Jaffy Brown is a young working class lad living in and around the docklands of the great city with his dear old 'ma', who he loves dearly. One day something utterly extraordinary happens to this young boy, whose life has been fairly inconsequential up until then; a great Bengal tiger has found himself on a main road in the center of London and is sauntering down it without a care in the world. Does Jaffy scream? Cower? Run away? No. He walks straight up the beast and pets it on the nose as he might do a soft little pussy cat. In response he is lifted up within the tiger's mouth, passes out, and is carried down the street until its owner, the great Charles Jamrach (who actually existed in real life it turns out - but more of that later!) comes to the rescue and whisks Jaffy away back into his mother's arms.
© 2011 Fauna & Flora International
Carol Birch paints a vivid picture of Victorian London; a stinky, seething hub of humanity; workers, whores and drunkards staggering down the filthy streets whilst hordes of weather-beaten sailors wash in and out of the harbour every day, bringing their stories with them. These stories inevitably reach the ears of young Jaffy and, much to his mother's dismay, as soon as the opportunity comes to set sail for distant lands, hot on the tail of Tim and the marvellous old sailor Dan Rymer, he takes it. I have to say that, unlike Jaffy, I was reluctant to leave the safety of the shore.
The boys are sent as part of the crew on a whaling boat to catch a 'dragon' from some distant island somewhere for a rich client of Jamrach's; an exciting prospect you might think. However, I have to say that the first few chapters at sea, perhaps not helped by my preconceptions, did not completely enthrall me, despite the wonderfully gritty and grim descriptions of sea sickness the 'green' boys suffer during the first few weeks. However, happily and as hoped, as soon as the real mission for the 'dragon' is embarked upon the story really picked up and held my attention right up to the terribly traumatic chapters to follow that, in sharp contrast, had me completely gripped until the very end. (All I can suggest is that you read it to fully understand.)

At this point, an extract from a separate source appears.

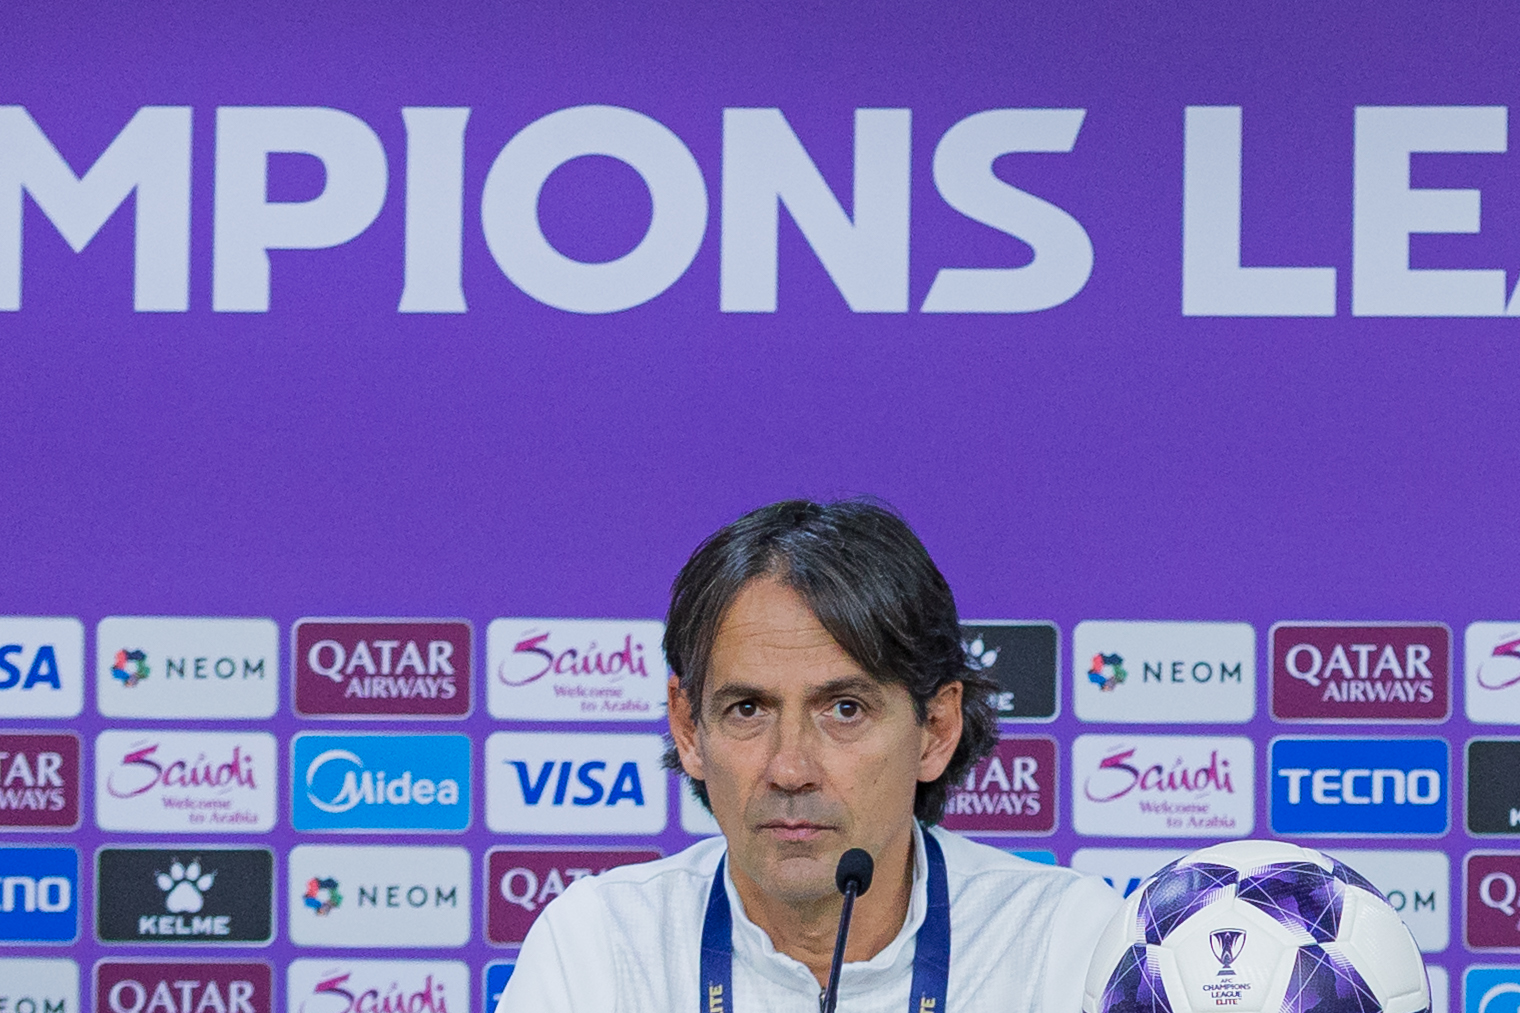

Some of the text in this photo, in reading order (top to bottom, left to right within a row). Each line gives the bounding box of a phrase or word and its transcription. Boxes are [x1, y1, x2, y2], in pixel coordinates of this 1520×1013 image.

I'm not necessarily in the camp of people who think that a book based on a true story necessarily makes it a better one, however, after reading I was delighted to recall Birch's comments on background research/inspiration for the novel; including the tragic story of the Whaleship Essex, an event I had never heard about before.
Charles Jamarach was also a real-life London character in the early 19th century and did actually rescue a young boy from the clutches of one of his tigers, a scene that would be quite a sight today, never mind 200 years ago. I am glad I read this novel and feel that it was a rightful contender for the Booker Prize this year. It is imaginative, illuminating, harrowing and has broaden my horizons considerably.
Lesson # 1: Don't just read the blurb on the back and dismiss books offhand Lucy, you're far better than that.